Records drawn from a dataset:
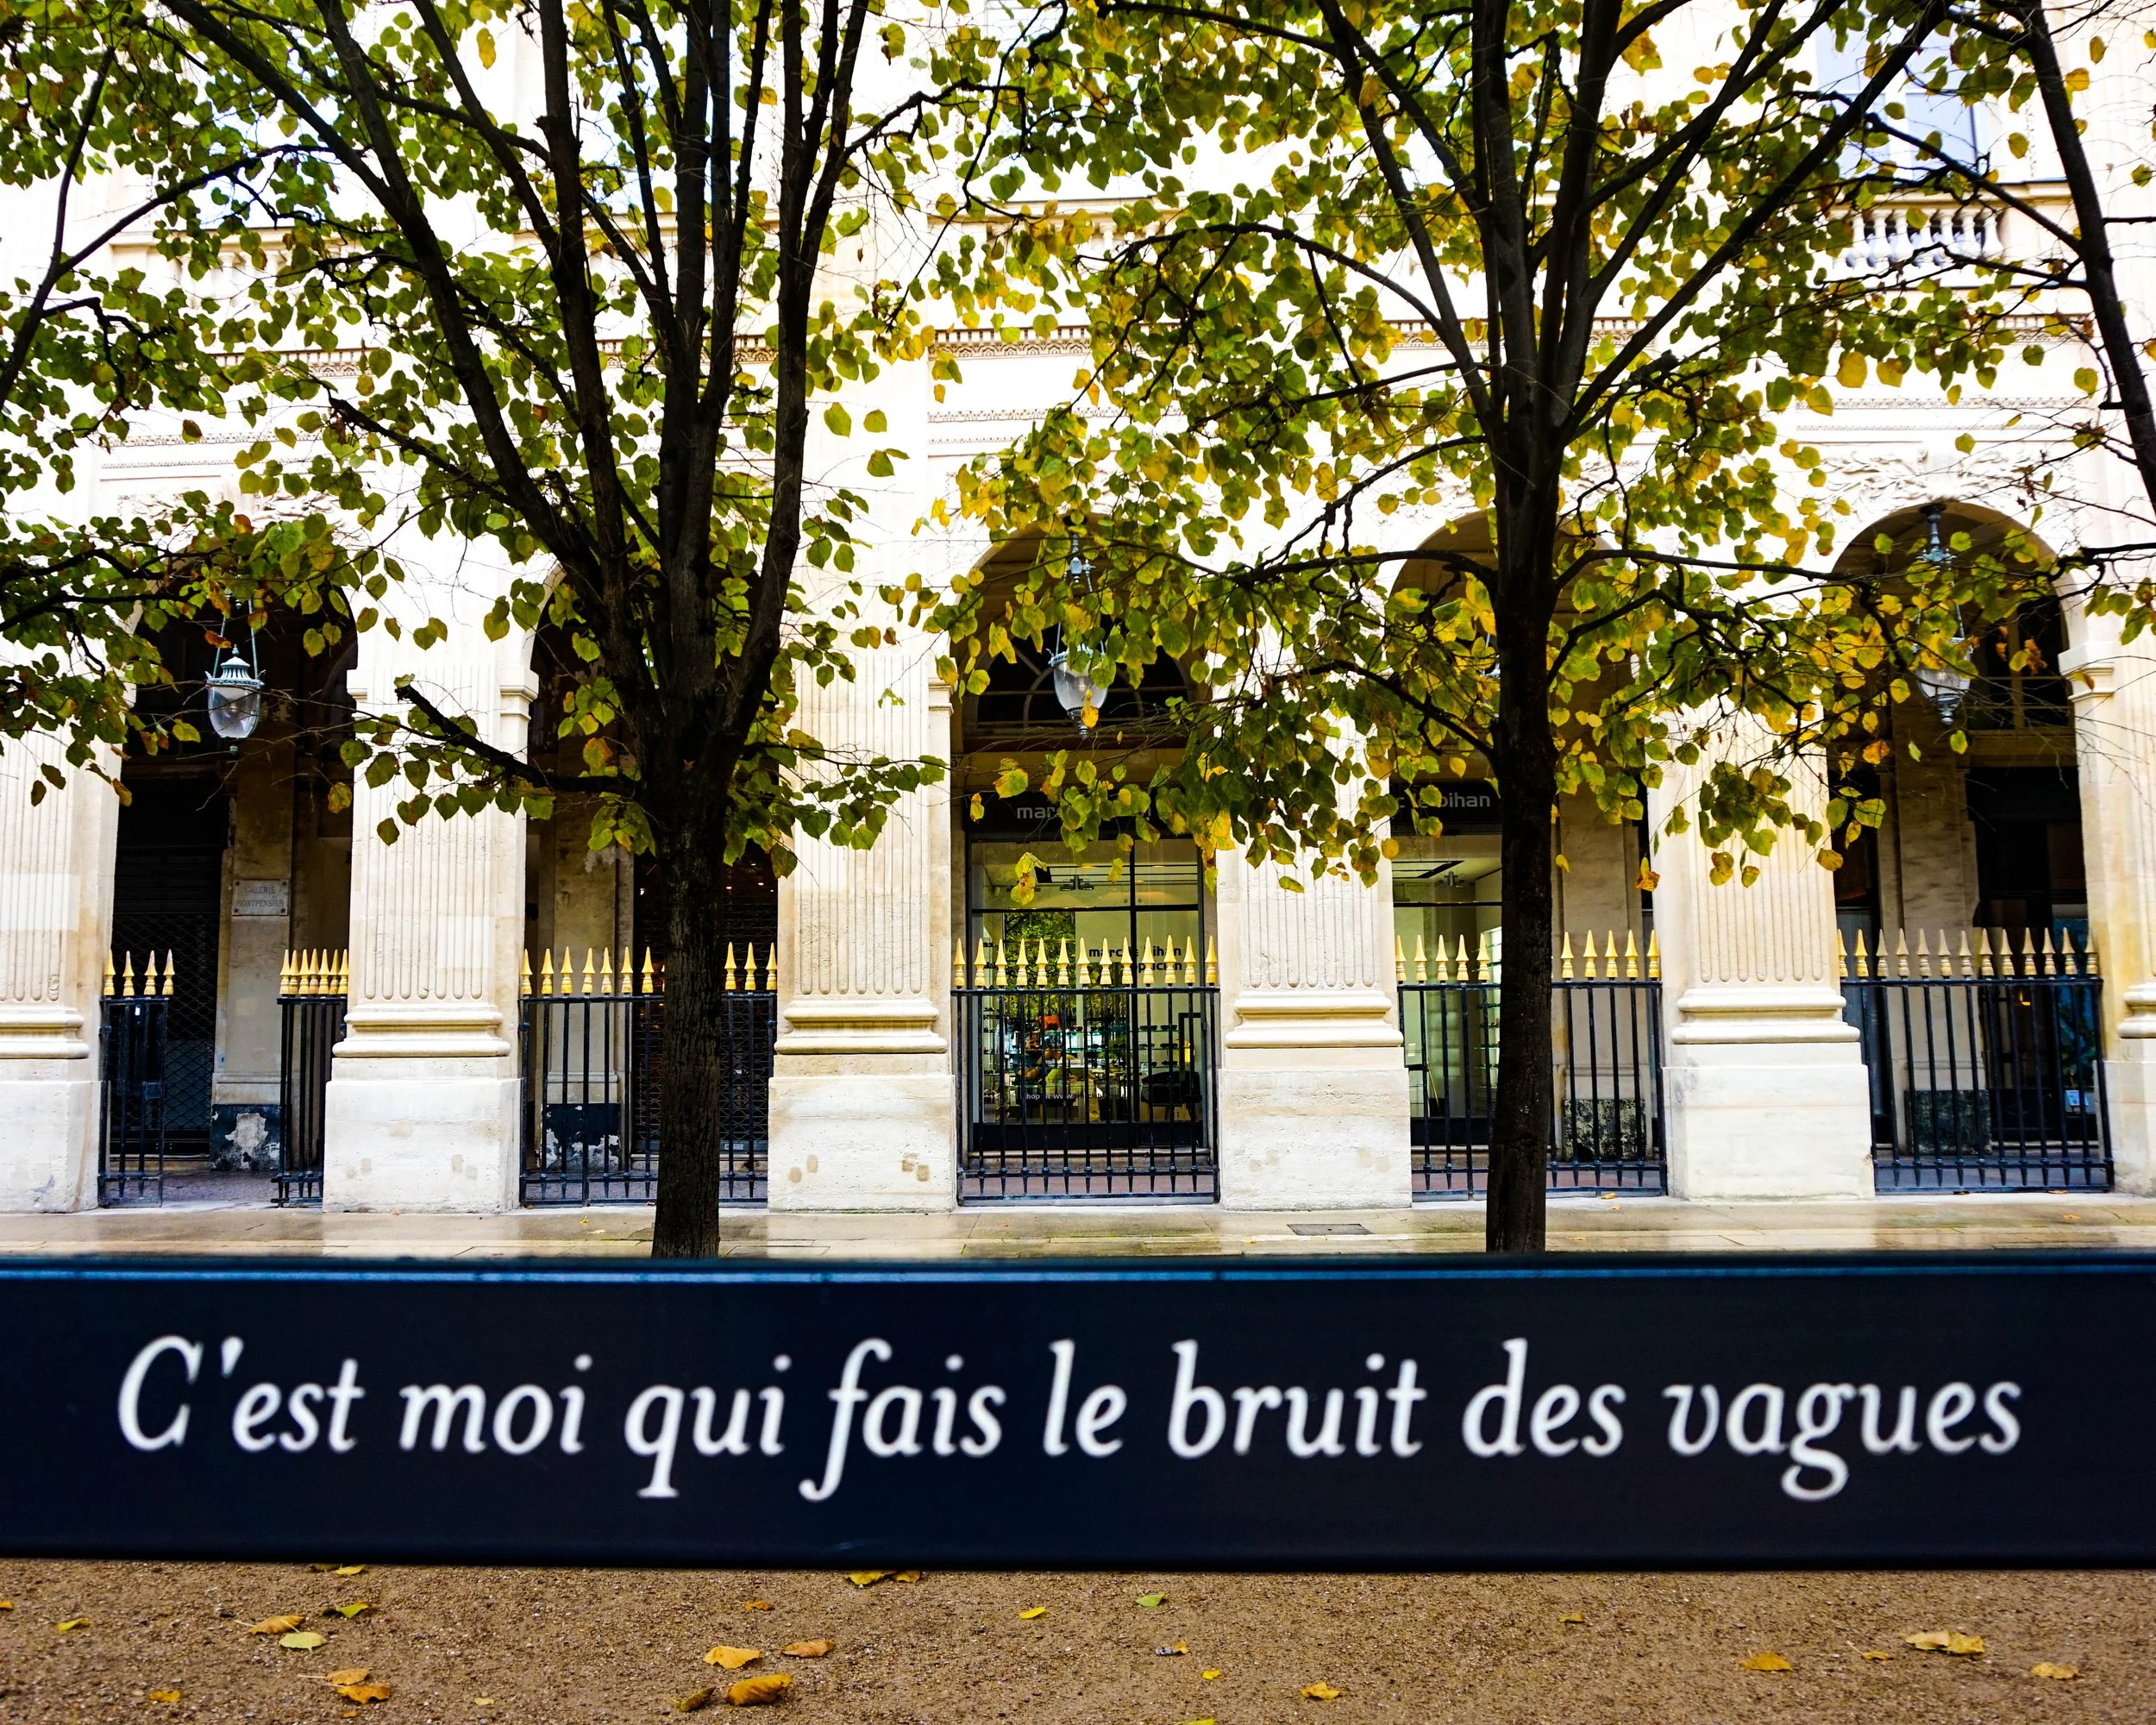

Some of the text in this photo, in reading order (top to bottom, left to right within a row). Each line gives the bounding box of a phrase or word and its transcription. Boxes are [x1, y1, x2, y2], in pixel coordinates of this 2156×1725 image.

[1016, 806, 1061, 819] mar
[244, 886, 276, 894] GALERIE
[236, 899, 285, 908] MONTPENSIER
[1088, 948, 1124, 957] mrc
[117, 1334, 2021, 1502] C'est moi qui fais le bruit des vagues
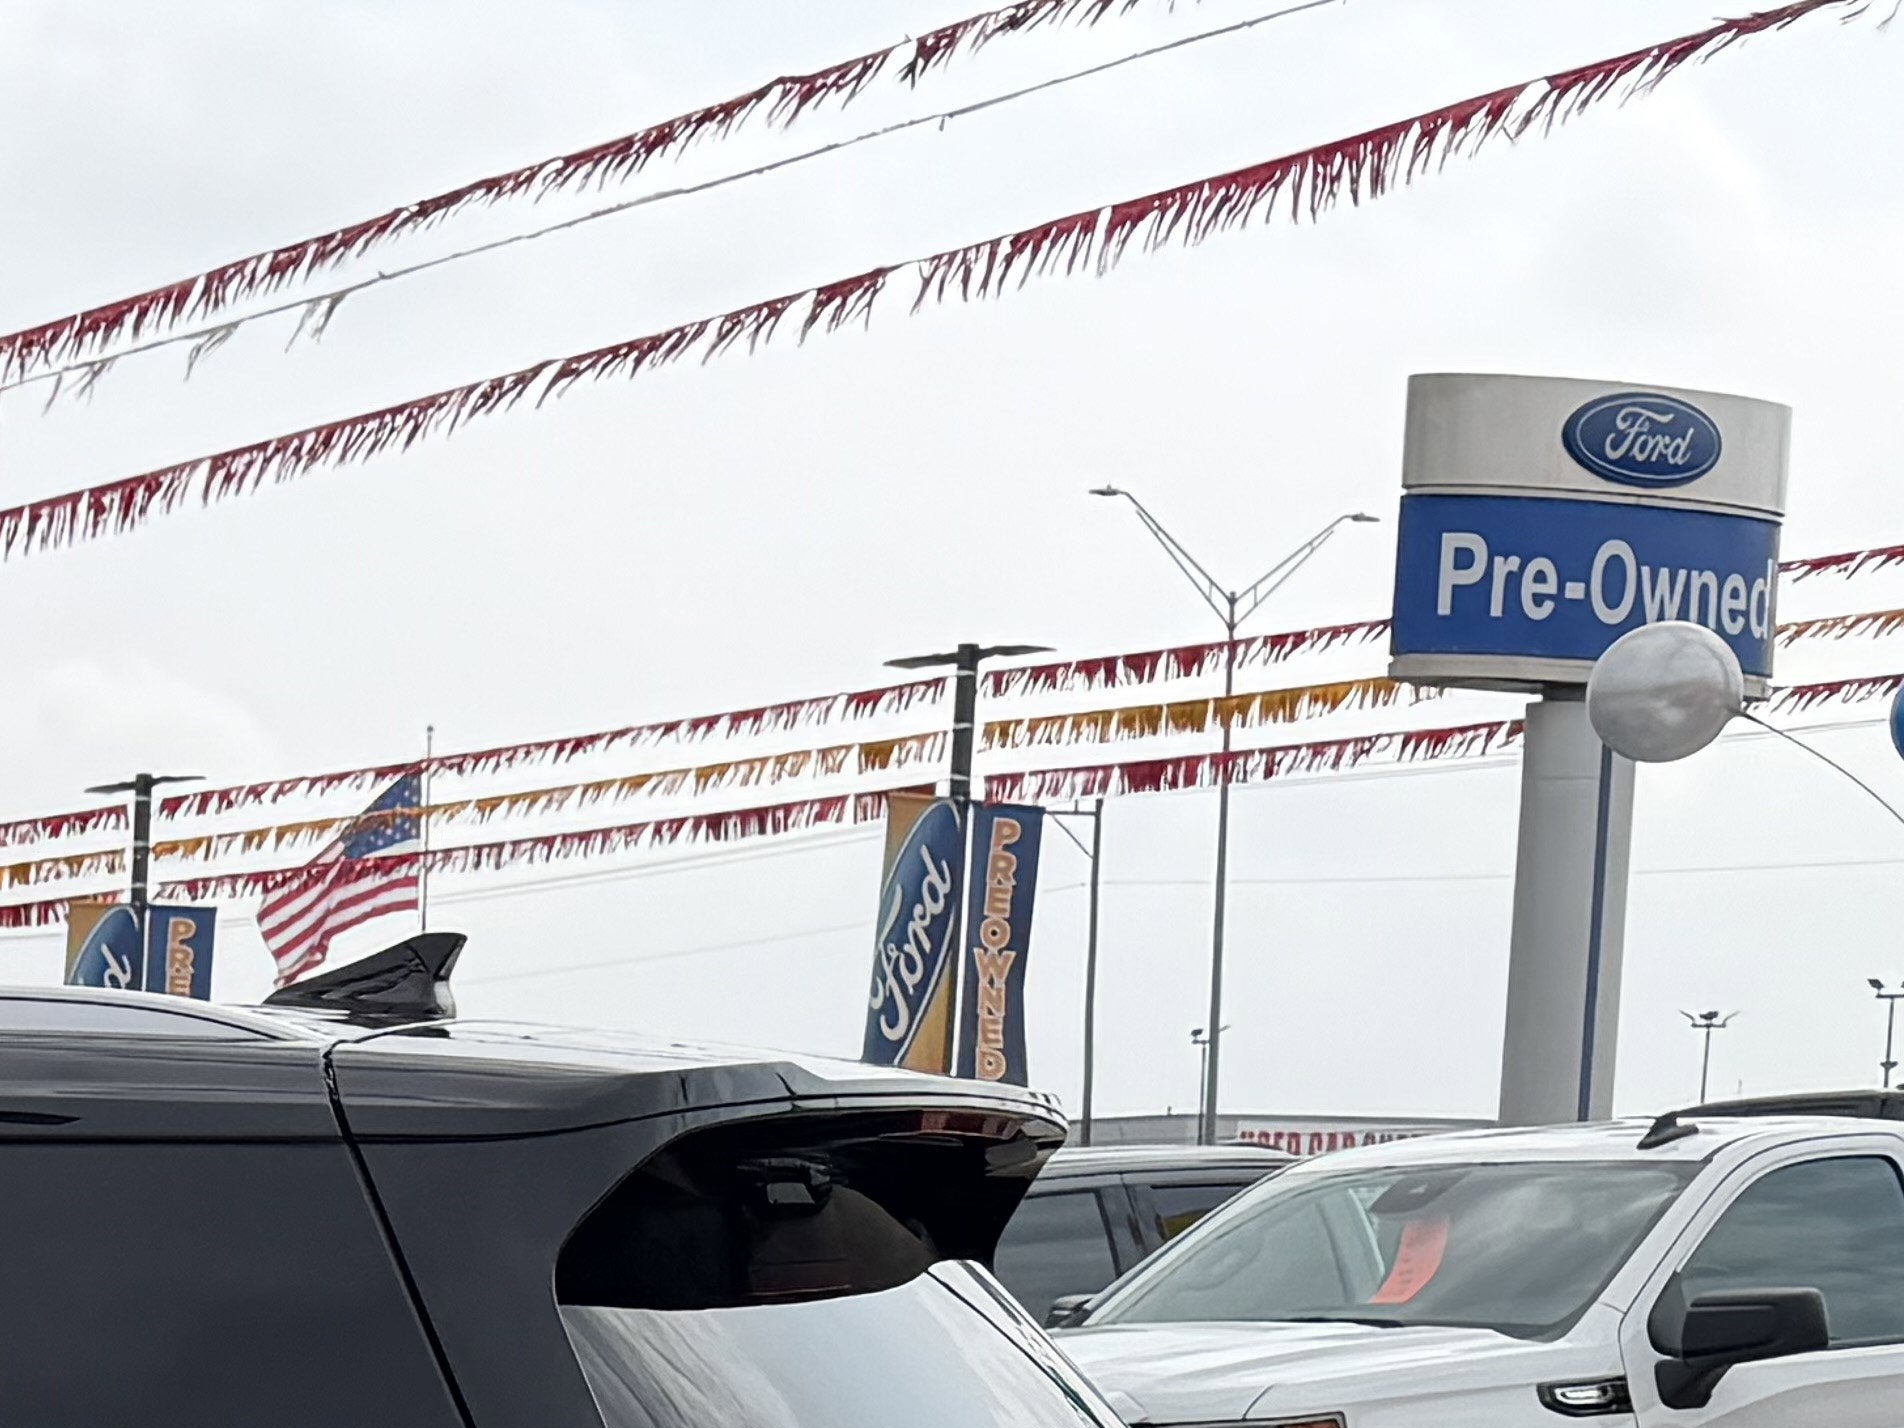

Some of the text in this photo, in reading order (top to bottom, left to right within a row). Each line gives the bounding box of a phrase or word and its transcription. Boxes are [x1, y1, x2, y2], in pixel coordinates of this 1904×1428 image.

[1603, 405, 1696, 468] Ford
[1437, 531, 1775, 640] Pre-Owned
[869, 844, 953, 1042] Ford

● **What you will do**
Write out all the entries word for word, but drop the pictures.

● **Output**
Some of the text in this photo, in reading order (top to bottom, left to right within a row). Each line gives the bounding box of a phrase or word and its transcription. Boxes are [x1, y1, x2, y2], in pixel coordinates of this 2156×1725 image.

[1016, 806, 1061, 819] mar
[244, 886, 276, 894] GALERIE
[236, 899, 285, 908] MONTPENSIER
[1088, 948, 1124, 957] mrc
[117, 1334, 2021, 1502] C'est moi qui fais le bruit des vagues

Some of the text in this photo, in reading order (top to bottom, left to right within a row). Each line gives the bounding box of a phrase or word and its transcription. Boxes are [x1, y1, x2, y2], in pixel coordinates of this 1904×1428 image.

[1603, 405, 1696, 468] Ford
[1437, 531, 1775, 640] Pre-Owned
[869, 844, 953, 1042] Ford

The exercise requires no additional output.